Do you guys take your bcaa before workout, after workout, or both.

----------


## goose

Both is a must,great stuff.You can also increase the effectiveness of BCAAs by consuming 10mg of vitamin B6 with every 10 grams of BCAA.I take 3 grams pre and post.

----------


## RANA

One hour before working out and then right after working out

----------


## SwiftMove83

I consume BCAA's 30 min pre workout and immediatly after workout.

----------


## bcaasdirty

both! WOO

----------


## l2elapse

> Both is a must,great stuff.You can also increase the effectiveness of BCAAs by consuming 10mg of vitamin B6 with every 10 grams of BCAA.I take 3 grams pre and post.
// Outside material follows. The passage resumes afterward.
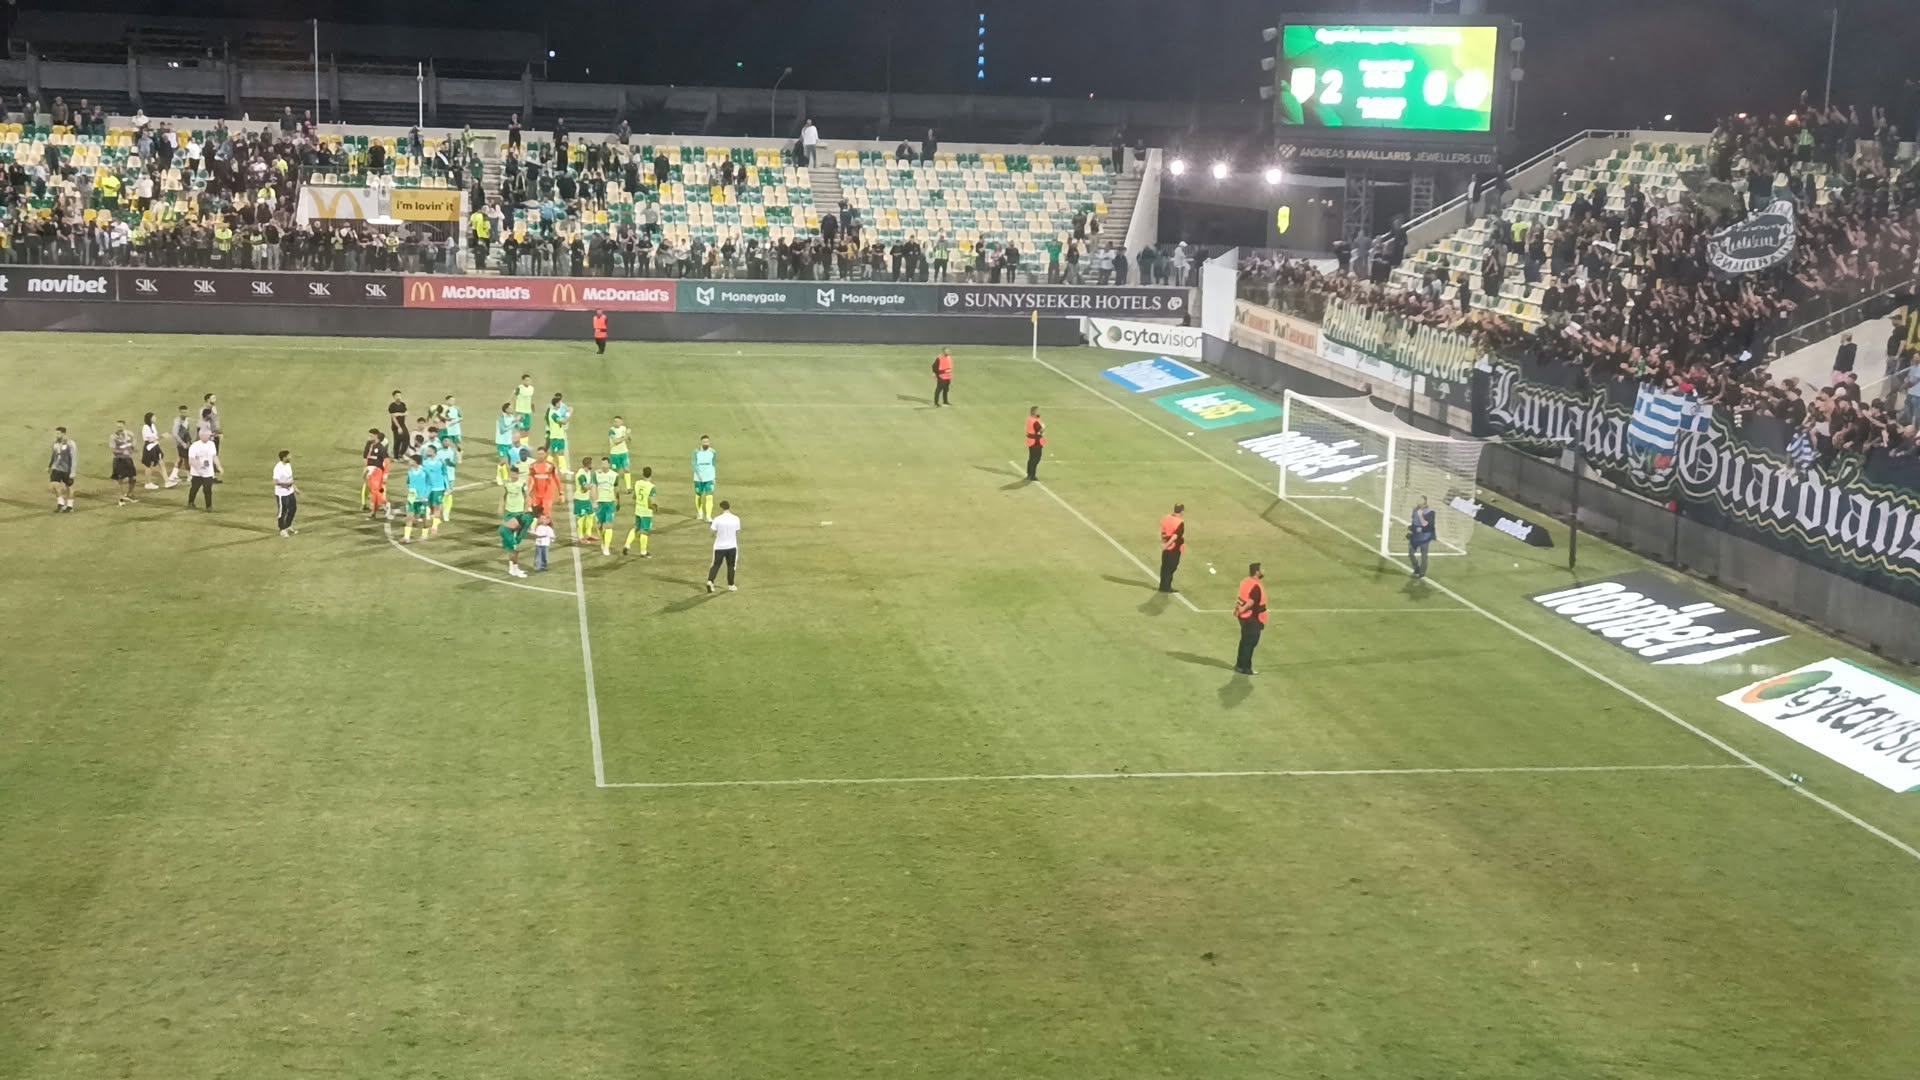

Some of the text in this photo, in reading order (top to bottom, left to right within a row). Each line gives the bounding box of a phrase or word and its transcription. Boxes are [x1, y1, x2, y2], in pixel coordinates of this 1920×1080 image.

does taking it pre and post help much?

----------


## xlxBigSexyxlx

pre, during, and post

10 pre, 15 during, and 10 post

----------


## Bryan2

studies show during to be the most beneficial.

followed closely by post

----------


## xlxBigSexyxlx

> studies show during to be the most beneficial.
> 
> followed closely by post



aka, look at my post!  :7up:

----------


## Dog-Slime

I thought the studies said that having it in you while working out was most beneficial? Could have misunderstood but I would think taking it pre-work out would be the best. Anyone know how fast this stuff gets absorbed?

----------


## vote for pedro

hhmm.. I did not kn ow that. I've been taking right after. I'm gonna take pre also now

----------


## Dog-Slime

> hhmm.. I did not kn ow that. I've been taking right after. I'm gonna take pre also now


Let us know if you feel it makes a significant difference.

----------


## facile

I have found 45 minutes pre and post work well. I have also used during for particularly heavy or longer workouts. Not sure if during had any substantial effect.

----------


## torontodude

if your taking Amino 1000 pills, then there's no need to also take bcaa's or do should you take both??

----------


## xlxBigSexyxlx

NOW BCAA Powder
Twin Labs, Amino Fuel Liquid
with some Crystal Lite

10g bcaa pre, 15g bcaa/ and serving or 2 of amino fuel during, and 10g bcaa pwo

----------


## TR'05

I never noticed anything from BCAAs until I started taking a ridiculous amount before, during, and after my workouts. I have been doing close to 20-20-20 during my current lean bulk. Ceteris paribus, best and leanest bulk I have experienced, thus far.

----------


## vote for pedro

I'm taking premium amino 3000 by body fortress w/bcaa's

----------


## torontodude

> I'm taking premium amino 3000 by body fortress w/bcaa's


how's that working for you??

----------


## vote for pedro

Well nothing to significant. I am noticing subtle things. A little lean bulk gain. Tomorrow I'll start taking it 45 minutes before workout and immediate when I get home after. We'll see what that does for me.

----------


## Shane35aa

I get mine from protein factory. one the thread subject I agree with big before during and after. I also use mine same way during cardio

----------


## goose

> does taking it pre and post help much?


 

I take with other things too,I`m just looking to preserve the muscle stores of glycogen. BCAAs also prevent muscle tissue breakdown during training.

----------


## moush

m actually bumping up my dosage to 10 g pre and post with 3 g leucine pre and post along with no-explod, cell mass, glutamine, and beta alanine.

----------


## vote for pedro

I've been taking aminos before and after my workouts and I feel bulkyer (if thats how you spell it) Anyway, I've also been taking myogenx for about 2 weeks so can't tell which one caused the bulkiness. Either way I'm happy so far

----------


## WelshWarrior

> Do you guys take your bcaa before workout, after workout, or both.


3g before cardio on an empty stomach in an attempt to enusre muscle is not burned. I personally don't bother any other time.

----------